> **TASK OBJECTIVE**:
Would you quote every entry exactly, dropping only the pictures?

> **SUPPLIED INFORMATION**:

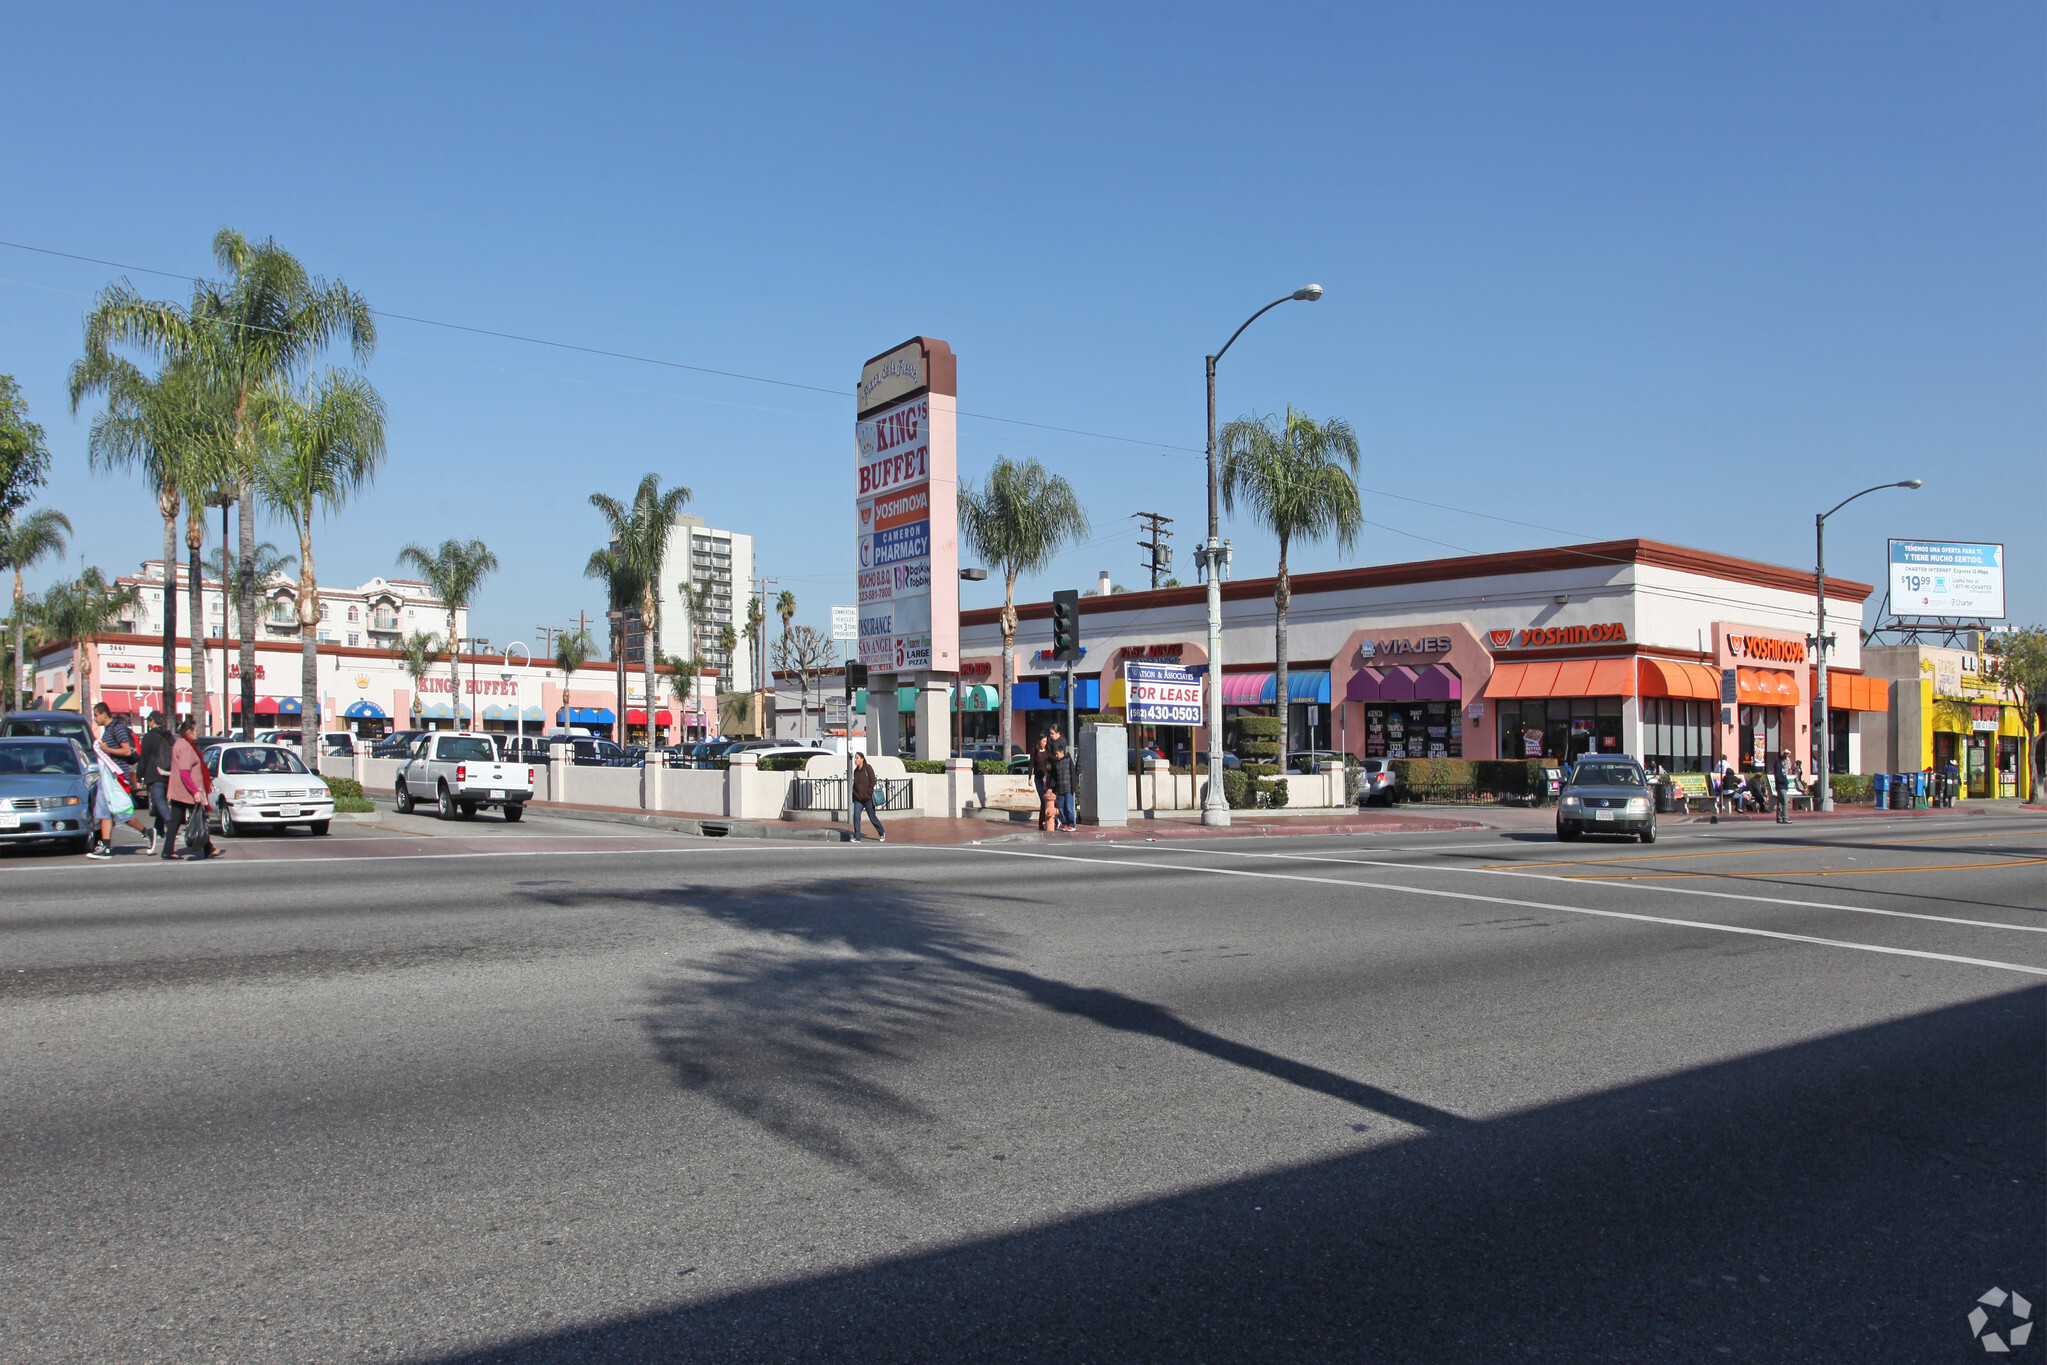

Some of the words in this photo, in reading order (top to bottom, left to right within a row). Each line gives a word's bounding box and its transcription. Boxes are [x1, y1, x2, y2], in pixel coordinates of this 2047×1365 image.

[876, 401, 928, 452] KING'S
[859, 445, 928, 494] BUFFET
[882, 525, 921, 543] CAMERON
[875, 536, 928, 564] PHARMACY
[1904, 553, 1910, 561] Y
[1911, 554, 1930, 562] TIENE
[1930, 554, 1954, 562] MUCHO
[858, 586, 892, 602] 323-581-7800
[843, 622, 848, 632] 3
[1520, 622, 1627, 646] YOSHINOYA
[858, 640, 872, 655] SAN
[871, 638, 893, 654] ANGEL
[906, 648, 930, 659] LARGE
[1120, 645, 1146, 658] FAST
[1148, 643, 1184, 657] QUOTE
[1380, 636, 1452, 655] VIAJES
[1744, 635, 1805, 663] YOSHINOYA
[908, 658, 928, 666] PIZZA
[974, 662, 992, 675] BBQ
[1157, 671, 1163, 679] &
[465, 679, 518, 695] BUFFET
[1130, 686, 1156, 700] FOR
[1160, 688, 1199, 702] LEASE
[1130, 708, 1147, 720] (562)
[1147, 705, 1199, 721] 430-0503
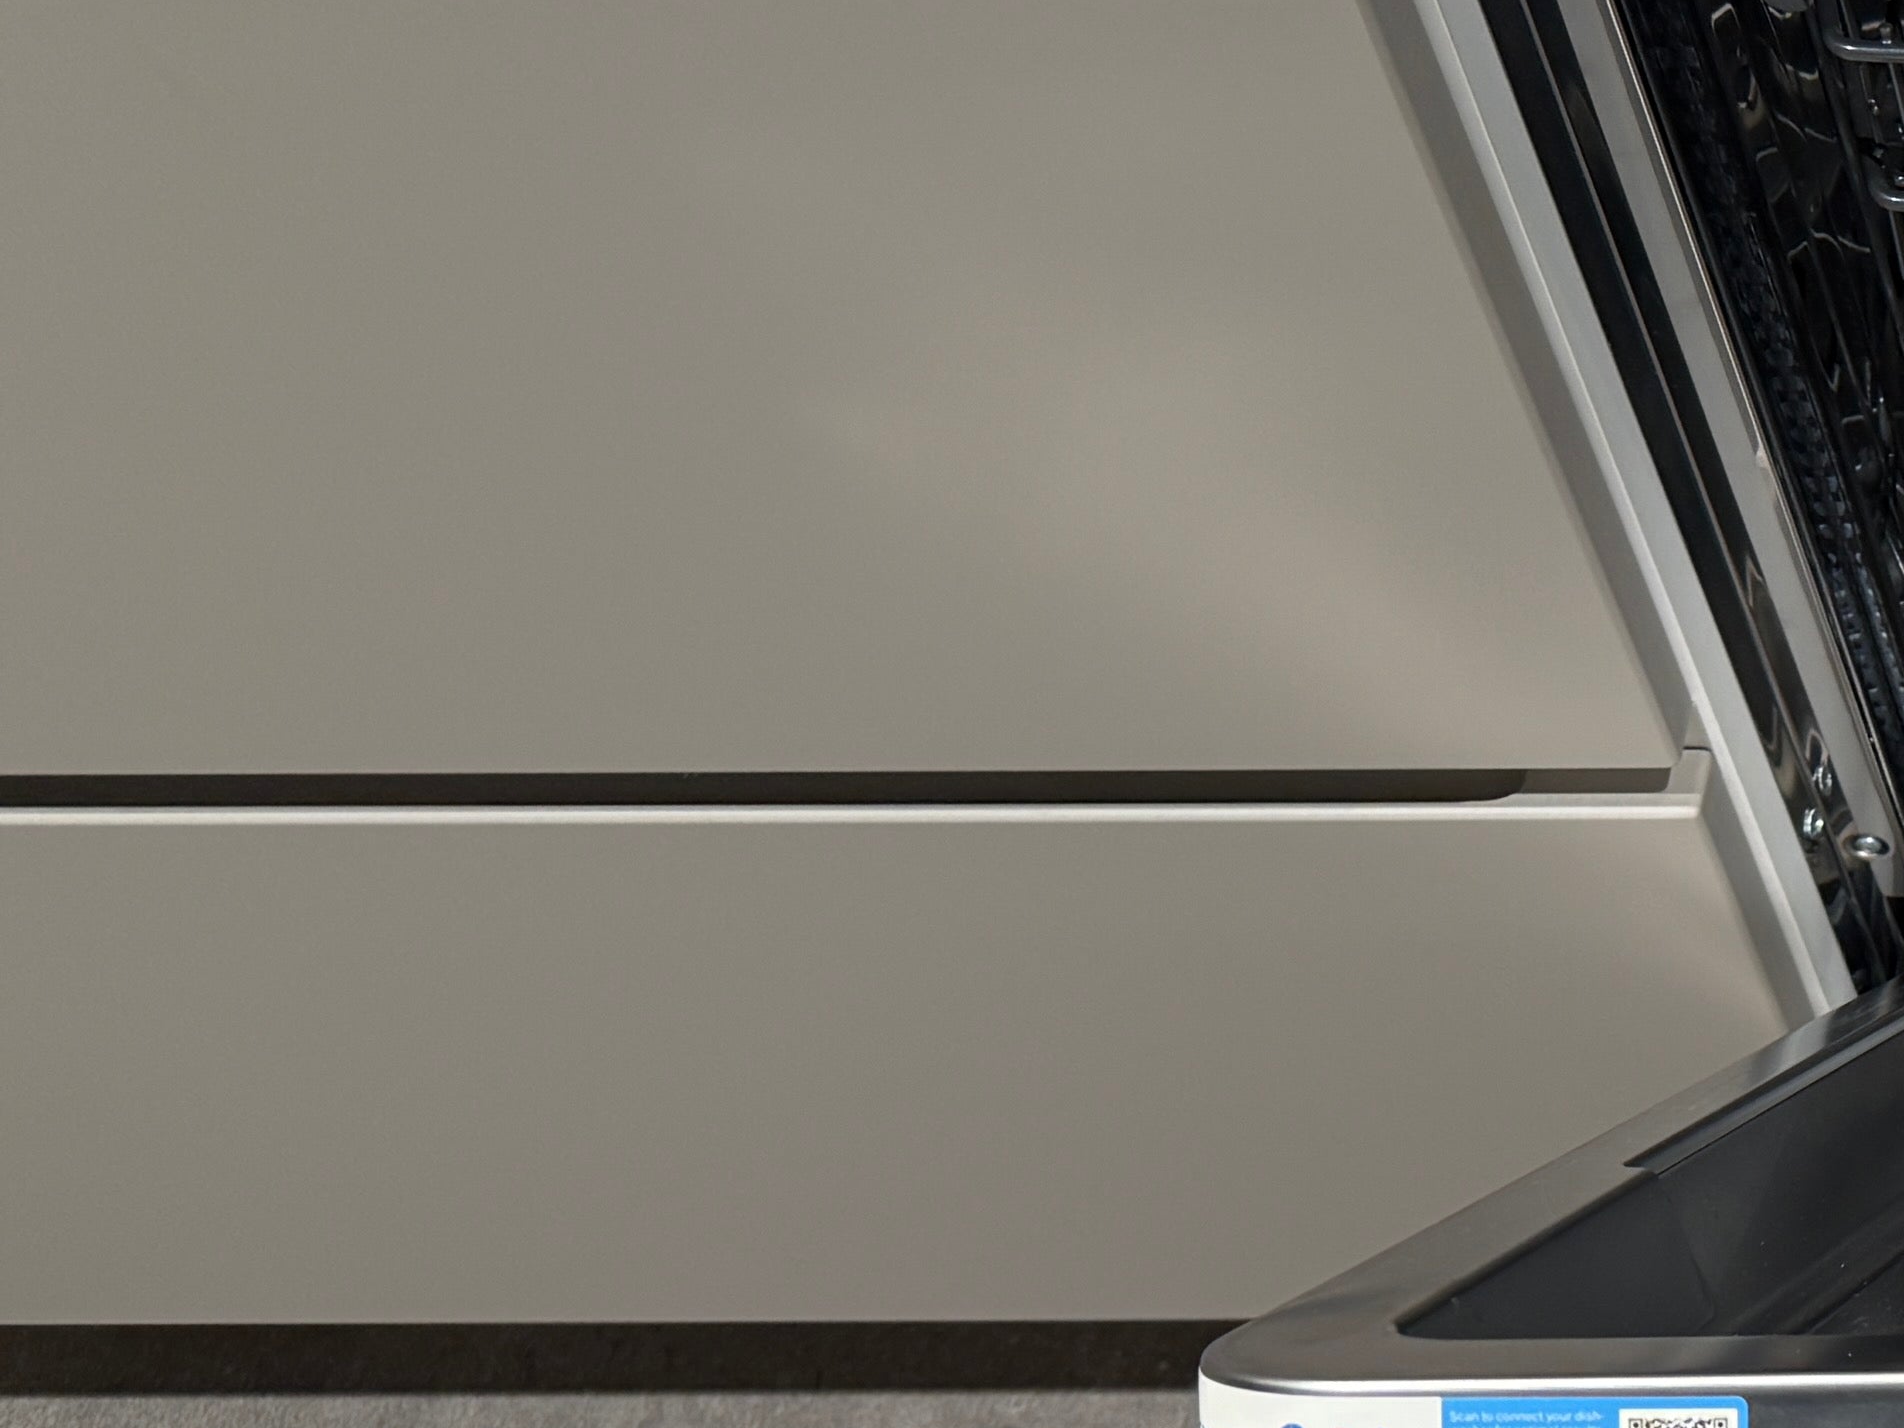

> **THE COMPLETED TASK**:
Some of the words in this photo, in reading order (top to bottom, left to right within a row). Each line gives a word's bounding box and its transcription. Boxes are [x1, y1, x2, y2], in pixel coordinates of this 2047×1365 image.

[876, 401, 928, 452] KING'S
[859, 445, 928, 494] BUFFET
[882, 525, 921, 543] CAMERON
[875, 536, 928, 564] PHARMACY
[1904, 553, 1910, 561] Y
[1911, 554, 1930, 562] TIENE
[1930, 554, 1954, 562] MUCHO
[858, 586, 892, 602] 323-581-7800
[843, 622, 848, 632] 3
[1520, 622, 1627, 646] YOSHINOYA
[858, 640, 872, 655] SAN
[871, 638, 893, 654] ANGEL
[906, 648, 930, 659] LARGE
[1120, 645, 1146, 658] FAST
[1148, 643, 1184, 657] QUOTE
[1380, 636, 1452, 655] VIAJES
[1744, 635, 1805, 663] YOSHINOYA
[908, 658, 928, 666] PIZZA
[974, 662, 992, 675] BBQ
[1157, 671, 1163, 679] &
[465, 679, 518, 695] BUFFET
[1130, 686, 1156, 700] FOR
[1160, 688, 1199, 702] LEASE
[1130, 708, 1147, 720] (562)
[1147, 705, 1199, 721] 430-0503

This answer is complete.